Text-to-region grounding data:
------------------------------

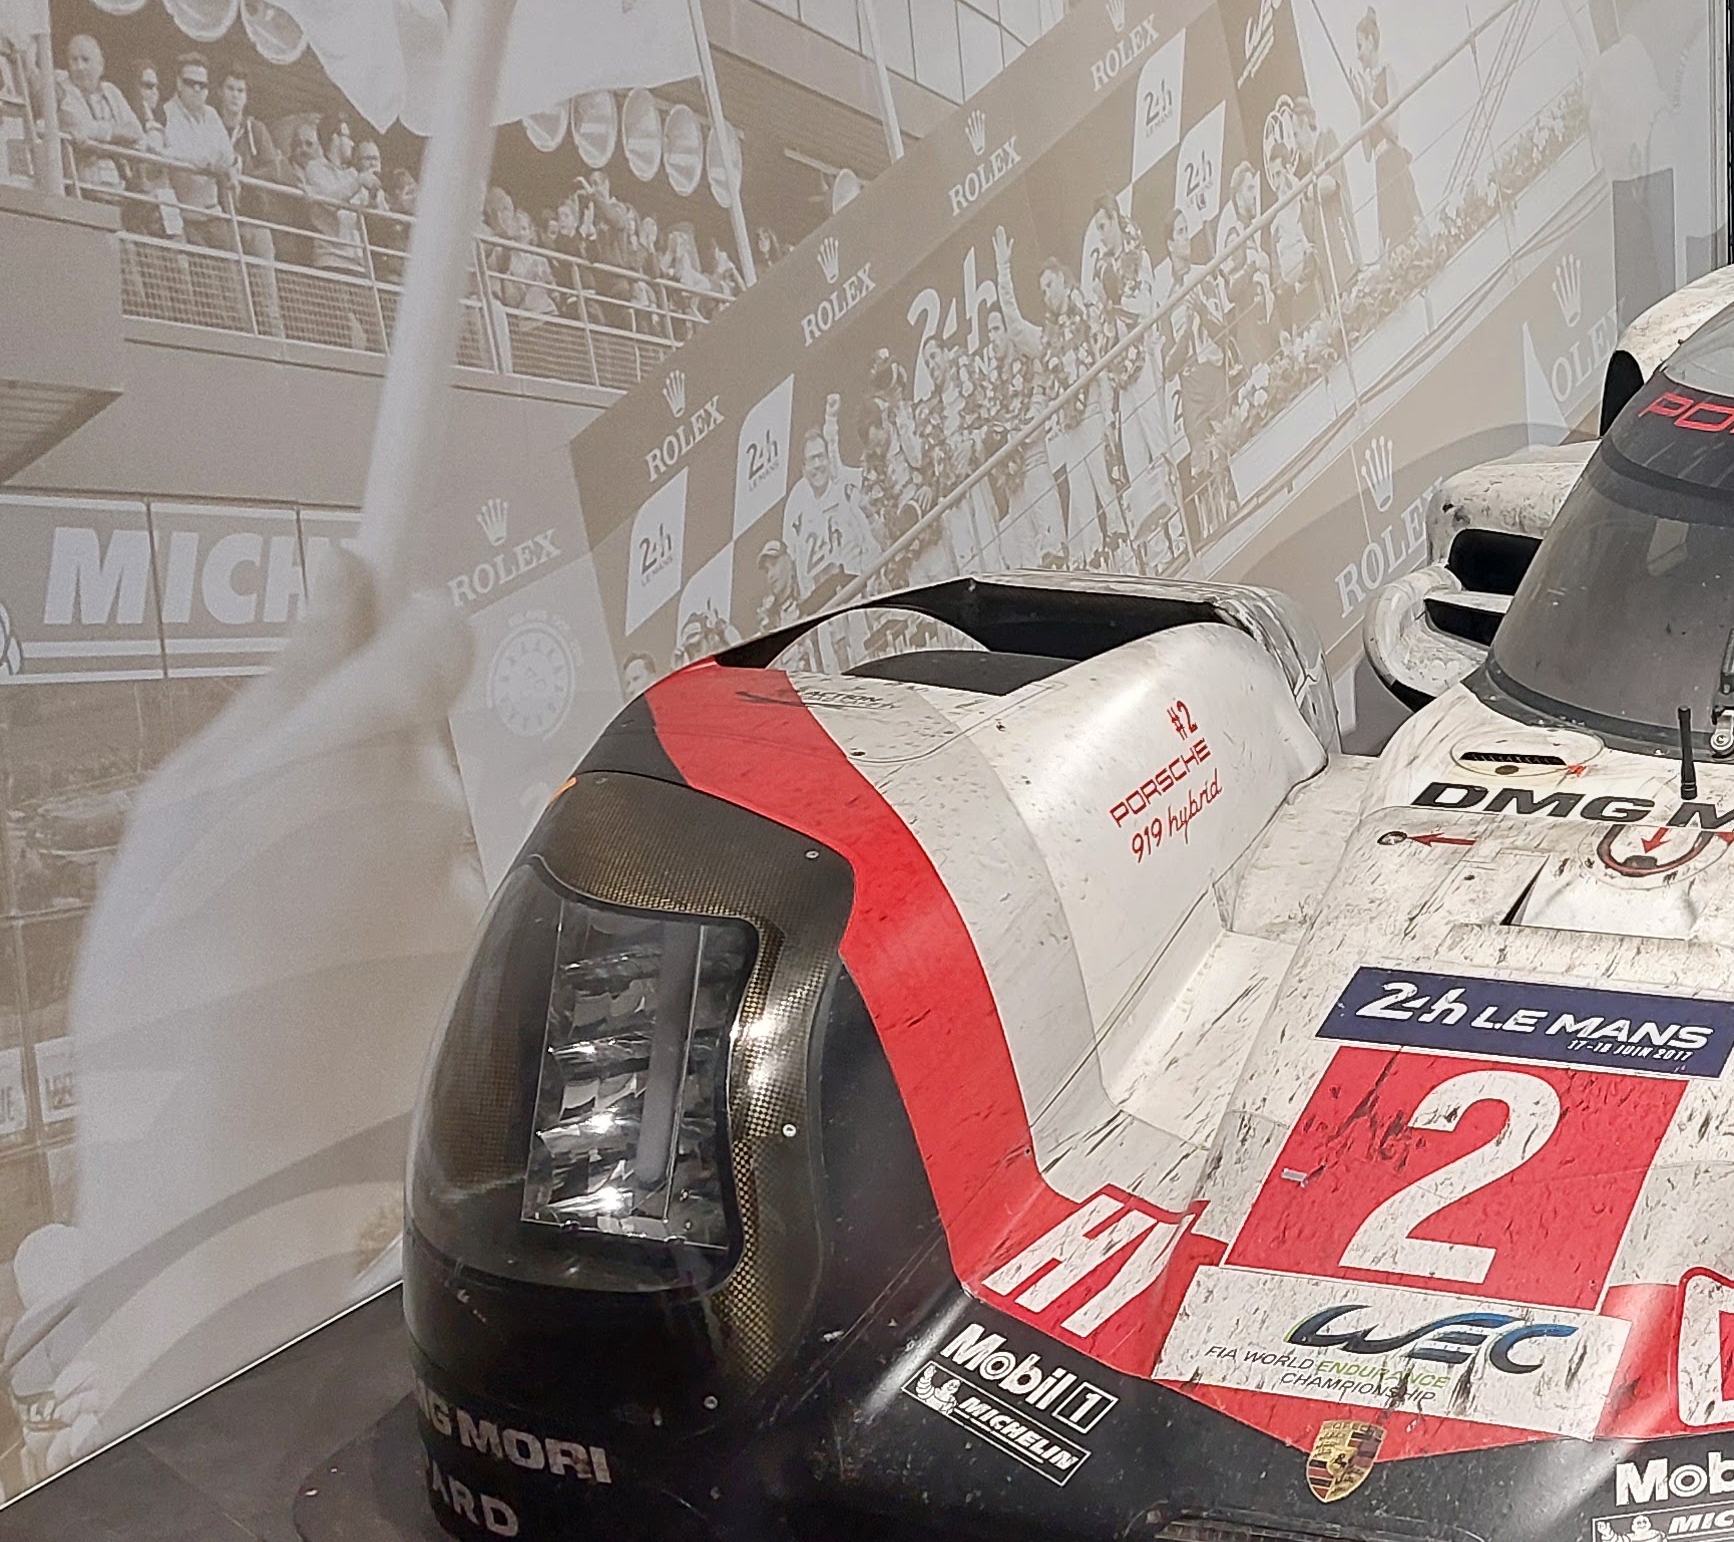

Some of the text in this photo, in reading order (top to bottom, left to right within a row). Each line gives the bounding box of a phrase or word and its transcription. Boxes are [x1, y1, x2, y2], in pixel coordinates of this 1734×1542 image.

[1091, 13, 1160, 92] ROLEX
[948, 135, 1021, 217] ROLEX
[800, 262, 877, 348] ROLEX
[645, 395, 725, 482] ROLEX
[446, 528, 562, 608] ROLEX
[1167, 700, 1198, 740] #2
[1109, 737, 1211, 828] PORSCHE
[1132, 768, 1223, 863] 919 hybrid
[1408, 780, 1658, 824] DMG
[1471, 1005, 1548, 1033] LE
[1545, 1013, 1714, 1050] MANS
[1613, 1043, 1651, 1057] JUIN
[1651, 1047, 1694, 1061] 2017
[1339, 1069, 1561, 1285] 2
[940, 1322, 1077, 1410] Mobil
[1204, 1345, 1450, 1388] FIA WORLD ENDURANCE
[1283, 1304, 1579, 1373] WEC
[1280, 1373, 1436, 1402] CHAMPIONSHIP
[456, 1408, 612, 1484] MORI
[959, 1396, 1079, 1471] MICHELIN

------------------------------

**Work item**
Each entry above should come back word for word, and no picture should come with it.

**Your solution**
Some of the text in this photo, in reading order (top to bottom, left to right within a row). Each line gives the bounding box of a phrase or word and its transcription. Boxes are [x1, y1, x2, y2], in pixel coordinates of this 1734×1542 image.

[1091, 13, 1160, 92] ROLEX
[948, 135, 1021, 217] ROLEX
[800, 262, 877, 348] ROLEX
[645, 395, 725, 482] ROLEX
[446, 528, 562, 608] ROLEX
[1167, 700, 1198, 740] #2
[1109, 737, 1211, 828] PORSCHE
[1132, 768, 1223, 863] 919 hybrid
[1408, 780, 1658, 824] DMG
[1471, 1005, 1548, 1033] LE
[1545, 1013, 1714, 1050] MANS
[1613, 1043, 1651, 1057] JUIN
[1651, 1047, 1694, 1061] 2017
[1339, 1069, 1561, 1285] 2
[940, 1322, 1077, 1410] Mobil
[1204, 1345, 1450, 1388] FIA WORLD ENDURANCE
[1283, 1304, 1579, 1373] WEC
[1280, 1373, 1436, 1402] CHAMPIONSHIP
[456, 1408, 612, 1484] MORI
[959, 1396, 1079, 1471] MICHELIN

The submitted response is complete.